> GIVEN DATA:
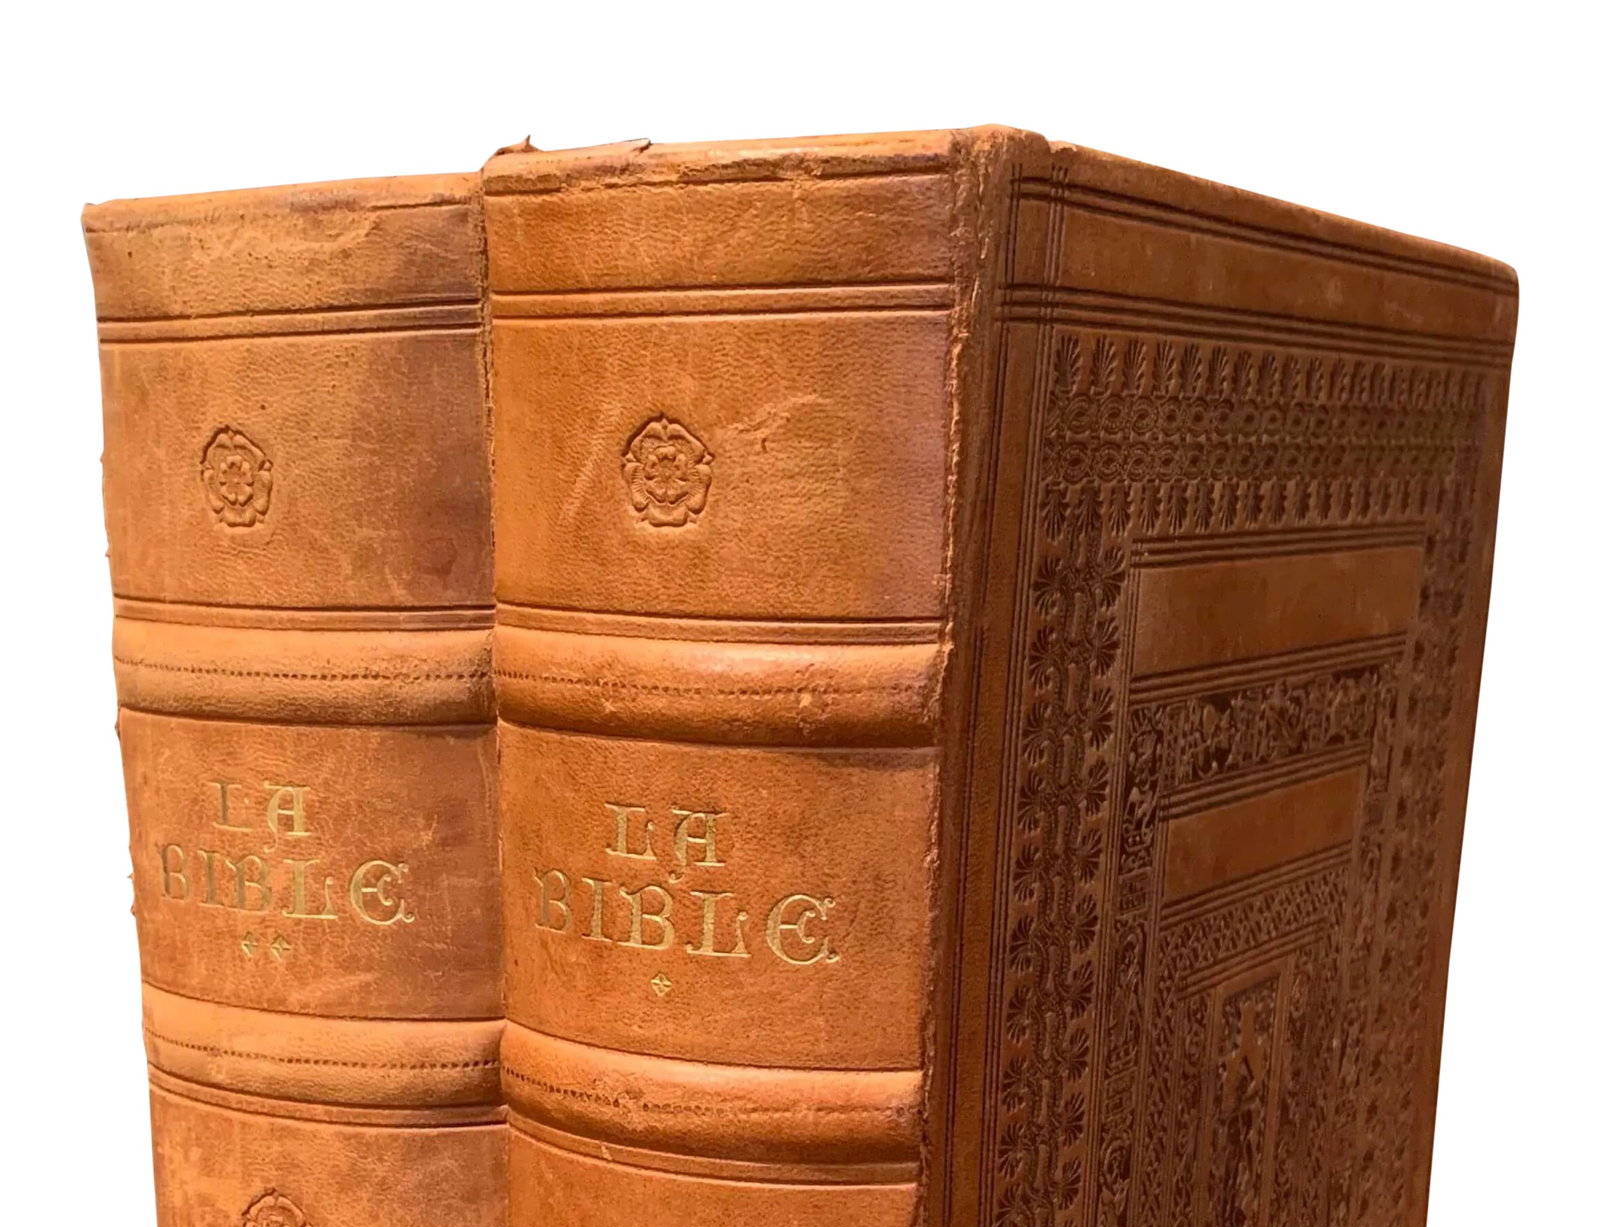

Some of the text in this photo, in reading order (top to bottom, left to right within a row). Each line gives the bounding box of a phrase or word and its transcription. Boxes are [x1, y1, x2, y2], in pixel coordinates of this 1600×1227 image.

[207, 780, 313, 854] LA
[604, 802, 731, 884] LA
[154, 842, 416, 926] BIBLE
[533, 867, 841, 966] BIBLE
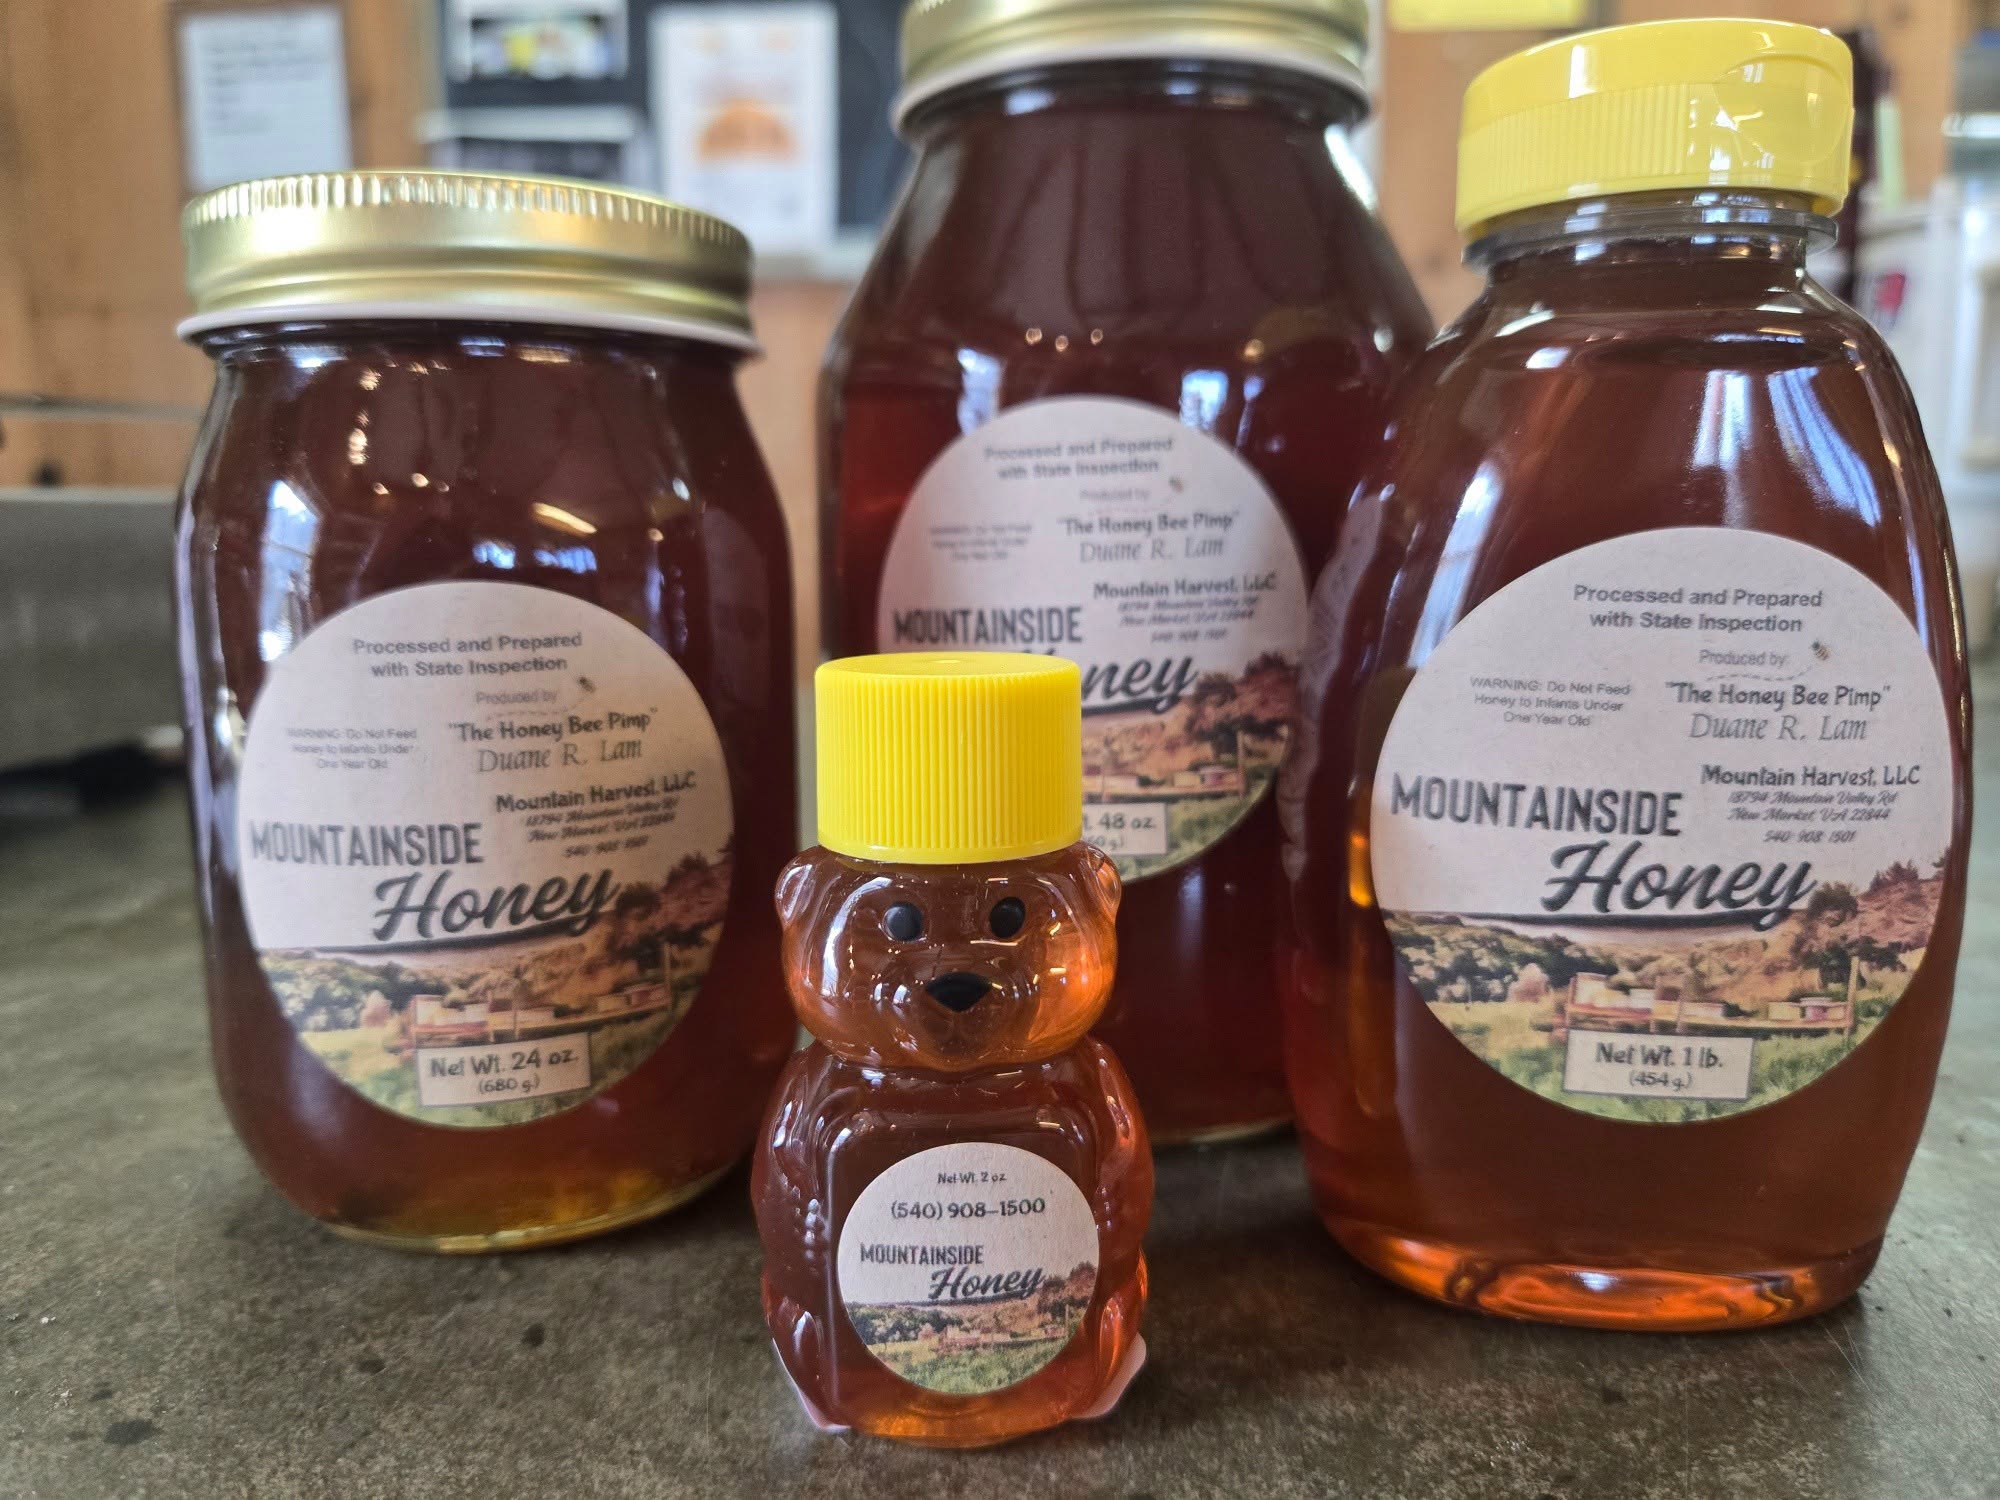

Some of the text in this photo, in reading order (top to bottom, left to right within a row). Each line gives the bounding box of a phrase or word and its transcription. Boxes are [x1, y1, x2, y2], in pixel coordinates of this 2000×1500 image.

[1066, 440, 1096, 457] and
[1101, 436, 1175, 455] Prepared
[998, 458, 1159, 480] with State Inspection
[1099, 513, 1152, 538] Honey
[1156, 512, 1189, 532] Bee
[1079, 539, 1143, 564] Duane
[1093, 581, 1170, 599] Mountain
[1242, 569, 1278, 591] LLC
[1573, 584, 1824, 609] Processed and Prepared
[892, 606, 1083, 645] MOUNTAINSIDE
[1590, 611, 1803, 633] with State Inspection
[352, 632, 583, 655] Processed and Prepared
[371, 656, 568, 677] with State Inspection
[1699, 650, 1765, 667] Produced
[475, 690, 540, 705] Produced
[1081, 655, 1199, 715] ney
[1546, 680, 1567, 693] Do
[1569, 682, 1593, 694] Not
[1596, 683, 1632, 696] Feed
[1665, 682, 1892, 712] "The Honey Bee Pimp"
[1474, 693, 1624, 712] Honey to Infants Under
[448, 707, 659, 744] "The Honey Bee Pimp"
[1503, 711, 1592, 727] One Year Old
[1688, 713, 1868, 741] Duane R. Lam
[478, 738, 643, 774] Duane R. Lam
[1700, 763, 1795, 787] Mountain
[1882, 764, 1921, 785] LLC
[495, 790, 585, 812] Mountain
[662, 770, 697, 793] LLC
[1391, 772, 1683, 838] MOUNTAINSIDE
[1097, 812, 1126, 831] 48
[249, 820, 484, 867] MOUNTAINSIDE
[1540, 840, 1818, 932] Honey
[372, 868, 623, 943] Honey
[430, 1056, 466, 1078] Net
[470, 1053, 506, 1076] Wt.
[511, 1047, 542, 1072] 24
[1595, 1041, 1724, 1069] Net Wt. 1 lb.
[479, 1077, 519, 1095] (680
[1629, 1069, 1693, 1092] (454 g.)
[937, 1171, 957, 1184] Net
[980, 1171, 989, 1183] 2
[891, 1200, 943, 1221] (540)
[860, 1241, 984, 1266] MOUNTAINSIDE
[928, 1265, 1045, 1300] Honey
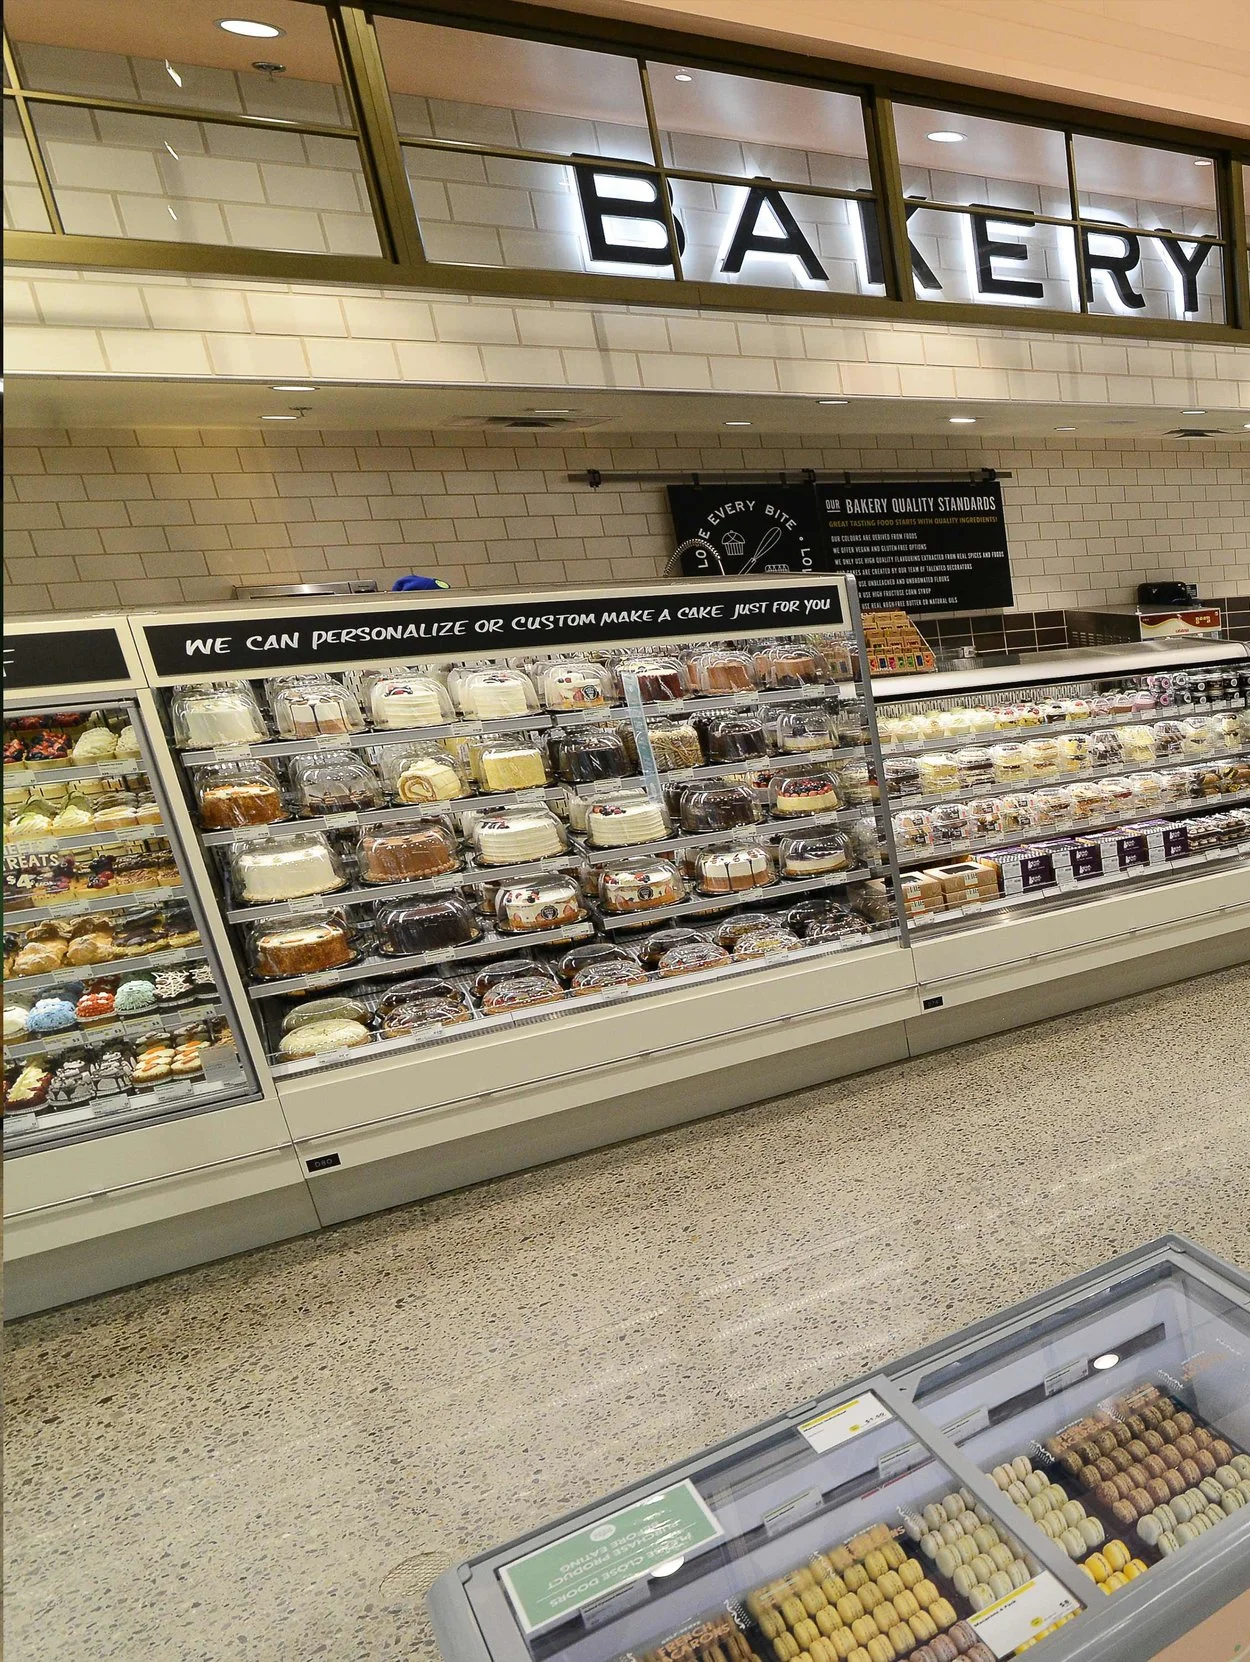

> YOUR OBJECTIVE: Beginning at the line that contains "this 2000×1500 image.", give the remaining lines of the records again exactly, through the last one. Leave out pictures.

> WRITTEN RESPONSE:
Some of the text in this photo, in reading order (top to bottom, left to right within a row). Each line gives the bounding box of a phrase or word and its transcription. Boxes are [x1, y1, x2, y2], in pixel coordinates of this 2000×1500 image.

[1066, 440, 1096, 457] and
[1101, 436, 1175, 455] Prepared
[998, 458, 1159, 480] with State Inspection
[1099, 513, 1152, 538] Honey
[1156, 512, 1189, 532] Bee
[1079, 539, 1143, 564] Duane
[1093, 581, 1170, 599] Mountain
[1242, 569, 1278, 591] LLC
[1573, 584, 1824, 609] Processed and Prepared
[892, 606, 1083, 645] MOUNTAINSIDE
[1590, 611, 1803, 633] with State Inspection
[352, 632, 583, 655] Processed and Prepared
[371, 656, 568, 677] with State Inspection
[1699, 650, 1765, 667] Produced
[475, 690, 540, 705] Produced
[1081, 655, 1199, 715] ney
[1546, 680, 1567, 693] Do
[1569, 682, 1593, 694] Not
[1596, 683, 1632, 696] Feed
[1665, 682, 1892, 712] "The Honey Bee Pimp"
[1474, 693, 1624, 712] Honey to Infants Under
[448, 707, 659, 744] "The Honey Bee Pimp"
[1503, 711, 1592, 727] One Year Old
[1688, 713, 1868, 741] Duane R. Lam
[478, 738, 643, 774] Duane R. Lam
[1700, 763, 1795, 787] Mountain
[1882, 764, 1921, 785] LLC
[495, 790, 585, 812] Mountain
[662, 770, 697, 793] LLC
[1391, 772, 1683, 838] MOUNTAINSIDE
[1097, 812, 1126, 831] 48
[249, 820, 484, 867] MOUNTAINSIDE
[1540, 840, 1818, 932] Honey
[372, 868, 623, 943] Honey
[430, 1056, 466, 1078] Net
[470, 1053, 506, 1076] Wt.
[511, 1047, 542, 1072] 24
[1595, 1041, 1724, 1069] Net Wt. 1 lb.
[479, 1077, 519, 1095] (680
[1629, 1069, 1693, 1092] (454 g.)
[937, 1171, 957, 1184] Net
[980, 1171, 989, 1183] 2
[891, 1200, 943, 1221] (540)
[860, 1241, 984, 1266] MOUNTAINSIDE
[928, 1265, 1045, 1300] Honey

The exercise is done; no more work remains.